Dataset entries
·····

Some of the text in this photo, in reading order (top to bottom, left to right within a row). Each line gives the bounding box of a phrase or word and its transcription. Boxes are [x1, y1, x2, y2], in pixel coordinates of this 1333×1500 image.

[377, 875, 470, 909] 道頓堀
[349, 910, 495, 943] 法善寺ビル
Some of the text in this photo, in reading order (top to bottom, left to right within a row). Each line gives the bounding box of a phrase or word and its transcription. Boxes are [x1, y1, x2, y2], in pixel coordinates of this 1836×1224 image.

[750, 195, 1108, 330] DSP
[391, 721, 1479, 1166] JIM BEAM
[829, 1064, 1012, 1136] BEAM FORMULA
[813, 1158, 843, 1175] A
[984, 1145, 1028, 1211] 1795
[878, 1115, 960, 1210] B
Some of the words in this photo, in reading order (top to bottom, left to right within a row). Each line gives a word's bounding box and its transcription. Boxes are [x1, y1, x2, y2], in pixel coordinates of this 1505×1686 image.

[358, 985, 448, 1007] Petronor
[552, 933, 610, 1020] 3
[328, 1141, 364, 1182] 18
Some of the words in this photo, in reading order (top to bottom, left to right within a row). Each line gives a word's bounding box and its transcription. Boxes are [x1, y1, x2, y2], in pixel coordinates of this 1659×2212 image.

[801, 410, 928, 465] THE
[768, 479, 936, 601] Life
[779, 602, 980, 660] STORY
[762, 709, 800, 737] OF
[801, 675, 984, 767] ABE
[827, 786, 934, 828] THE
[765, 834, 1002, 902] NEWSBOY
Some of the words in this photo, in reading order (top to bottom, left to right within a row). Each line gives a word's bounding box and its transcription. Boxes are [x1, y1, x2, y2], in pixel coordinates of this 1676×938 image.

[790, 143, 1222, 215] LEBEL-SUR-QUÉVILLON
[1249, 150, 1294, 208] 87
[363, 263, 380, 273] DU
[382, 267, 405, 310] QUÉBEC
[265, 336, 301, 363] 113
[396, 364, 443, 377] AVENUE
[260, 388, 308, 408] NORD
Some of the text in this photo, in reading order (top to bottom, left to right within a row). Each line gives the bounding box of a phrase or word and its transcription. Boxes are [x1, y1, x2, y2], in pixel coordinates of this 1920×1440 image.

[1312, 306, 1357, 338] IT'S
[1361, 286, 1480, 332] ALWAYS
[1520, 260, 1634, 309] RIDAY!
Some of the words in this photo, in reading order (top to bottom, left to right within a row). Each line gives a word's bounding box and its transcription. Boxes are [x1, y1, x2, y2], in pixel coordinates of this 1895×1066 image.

·····

Nothing but the lines from the one holding "this 1659×2212 image." to the end of the entries should be output, each exactly as it appears.

▶ [Exercise solution]:
Some of the words in this photo, in reading order (top to bottom, left to right within a row). Each line gives a word's bounding box and its transcription. Boxes are [x1, y1, x2, y2], in pixel coordinates of this 1659×2212 image.

[801, 410, 928, 465] THE
[768, 479, 936, 601] Life
[779, 602, 980, 660] STORY
[762, 709, 800, 737] OF
[801, 675, 984, 767] ABE
[827, 786, 934, 828] THE
[765, 834, 1002, 902] NEWSBOY
Some of the words in this photo, in reading order (top to bottom, left to right within a row). Each line gives a word's bounding box and its transcription. Boxes are [x1, y1, x2, y2], in pixel coordinates of this 1676×938 image.

[790, 143, 1222, 215] LEBEL-SUR-QUÉVILLON
[1249, 150, 1294, 208] 87
[363, 263, 380, 273] DU
[382, 267, 405, 310] QUÉBEC
[265, 336, 301, 363] 113
[396, 364, 443, 377] AVENUE
[260, 388, 308, 408] NORD
Some of the text in this photo, in reading order (top to bottom, left to right within a row). Each line gives the bounding box of a phrase or word and its transcription. Boxes are [x1, y1, x2, y2], in pixel coordinates of this 1920×1440 image.

[1312, 306, 1357, 338] IT'S
[1361, 286, 1480, 332] ALWAYS
[1520, 260, 1634, 309] RIDAY!
Some of the words in this photo, in reading order (top to bottom, left to right within a row). Each line gives a word's bounding box and its transcription. Boxes are [x1, y1, x2, y2], in pixel coordinates of this 1895×1066 image.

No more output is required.